Stephen M. Schleicher, MD, MBA, chief medical officer at Tennessee Oncology, discusses the present state of value-based oncology care and what the future may bring when the Enhancing Oncology Model kicks off on July 1.
In this interview from our recent Institute for Value-Based Medicine® meeting in New York City on February 8, Stephen M. Schleicher, MD, MBA, chief medical officer at Tennessee Oncology, discusses the present state of value-based oncology care and what the future may bring when the Enhancing Oncology Model (EOM) kicks off on July 1.
Transcript
What is the current state of value-based care in oncology, and what are some top priorities of the EOM that hope to improve upon the OCM?
We’re in this interesting, I call it almost an inflection point in value-based care in oncology. You have the Medicare models: OCM [Oncology Care Model], obviously, the large one, and then EOM coming, which is going to be much smaller, probably about half the patients. The devil is still going to be in the details. We’re still awaiting practice-specific baseline data to get a better understanding of how our practice, Tennessee Oncology, will do on that. We’re obviously very committed to value-based care but need to see the details.
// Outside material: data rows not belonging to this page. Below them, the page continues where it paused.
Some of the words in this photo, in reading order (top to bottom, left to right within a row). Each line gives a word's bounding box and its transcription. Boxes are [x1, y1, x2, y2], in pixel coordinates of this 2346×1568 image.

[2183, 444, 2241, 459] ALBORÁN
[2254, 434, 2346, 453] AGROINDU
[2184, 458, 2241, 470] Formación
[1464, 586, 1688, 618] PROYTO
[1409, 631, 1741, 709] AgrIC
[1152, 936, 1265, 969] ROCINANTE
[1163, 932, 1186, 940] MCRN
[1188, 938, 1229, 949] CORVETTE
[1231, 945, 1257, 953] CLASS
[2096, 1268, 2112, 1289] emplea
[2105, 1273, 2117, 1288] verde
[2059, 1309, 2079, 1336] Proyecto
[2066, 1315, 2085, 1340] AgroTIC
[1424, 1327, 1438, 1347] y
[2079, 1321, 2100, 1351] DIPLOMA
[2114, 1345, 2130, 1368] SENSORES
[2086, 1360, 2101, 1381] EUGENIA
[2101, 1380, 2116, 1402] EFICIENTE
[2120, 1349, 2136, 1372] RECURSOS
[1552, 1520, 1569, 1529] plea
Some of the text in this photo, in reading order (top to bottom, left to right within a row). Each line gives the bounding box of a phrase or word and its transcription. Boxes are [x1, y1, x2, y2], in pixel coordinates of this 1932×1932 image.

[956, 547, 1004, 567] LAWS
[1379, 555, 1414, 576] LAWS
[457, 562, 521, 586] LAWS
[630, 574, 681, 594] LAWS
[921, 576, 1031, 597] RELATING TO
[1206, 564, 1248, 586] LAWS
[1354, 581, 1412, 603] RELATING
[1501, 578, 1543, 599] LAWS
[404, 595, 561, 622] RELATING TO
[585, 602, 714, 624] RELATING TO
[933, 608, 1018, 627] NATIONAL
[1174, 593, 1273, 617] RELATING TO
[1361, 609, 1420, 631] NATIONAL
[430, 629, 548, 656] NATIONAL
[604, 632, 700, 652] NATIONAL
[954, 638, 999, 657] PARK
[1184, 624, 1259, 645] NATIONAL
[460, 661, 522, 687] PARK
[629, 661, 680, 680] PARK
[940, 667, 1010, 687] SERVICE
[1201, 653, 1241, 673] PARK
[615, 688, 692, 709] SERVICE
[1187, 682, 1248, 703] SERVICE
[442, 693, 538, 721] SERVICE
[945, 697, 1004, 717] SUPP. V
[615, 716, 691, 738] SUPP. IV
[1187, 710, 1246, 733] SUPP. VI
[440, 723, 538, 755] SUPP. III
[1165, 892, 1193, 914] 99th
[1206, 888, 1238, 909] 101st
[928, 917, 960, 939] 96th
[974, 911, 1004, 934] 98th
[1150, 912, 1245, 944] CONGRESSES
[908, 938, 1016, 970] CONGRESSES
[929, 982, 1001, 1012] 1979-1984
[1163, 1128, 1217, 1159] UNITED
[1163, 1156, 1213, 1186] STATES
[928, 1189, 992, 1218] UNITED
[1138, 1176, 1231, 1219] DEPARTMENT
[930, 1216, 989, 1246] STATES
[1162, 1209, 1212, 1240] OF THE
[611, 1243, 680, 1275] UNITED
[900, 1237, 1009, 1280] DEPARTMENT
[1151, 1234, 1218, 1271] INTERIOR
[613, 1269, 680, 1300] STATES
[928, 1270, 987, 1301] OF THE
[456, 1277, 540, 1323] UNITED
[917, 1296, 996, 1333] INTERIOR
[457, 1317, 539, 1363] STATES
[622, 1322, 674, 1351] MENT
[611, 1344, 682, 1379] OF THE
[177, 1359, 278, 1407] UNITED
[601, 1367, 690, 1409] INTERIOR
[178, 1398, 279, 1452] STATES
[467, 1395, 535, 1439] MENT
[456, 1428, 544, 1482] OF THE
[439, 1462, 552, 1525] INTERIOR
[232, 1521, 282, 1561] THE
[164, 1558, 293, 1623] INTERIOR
But around that, things are changing. Medicare Advantage [MA] is blowing up. You saw the $10 billion Oak Street acquisition that just happened with CVS. All these risk-bearing entities that are not really touching oncology yet are growing up all around us, and what is the current oncology platforms’ play with that? The ones that are very invested in value-based care, they're gonna be new partnerships. And I'm not trying to speak ahead as if I know something that no one else knows, nothing like that. But you can imagine this ecosystem, where risk-based care is growing all around us—including the explosion of MA, which is capitated—and oncologists currently kind of in silo, understanding value-based care with OCM and all these medical homes. Ours is BlueCross, Astera has done a bundle with Horizon. So all these things happening and how does it come together one day.
That's what I'm excited about in value-based care. Over the next 5 years as these consolidated, value-based care, largely primary care companies that manage the entire population, how does cancer fall into that? That's where I think value-based care is really going to change over the next 2, 5 years, or even longer.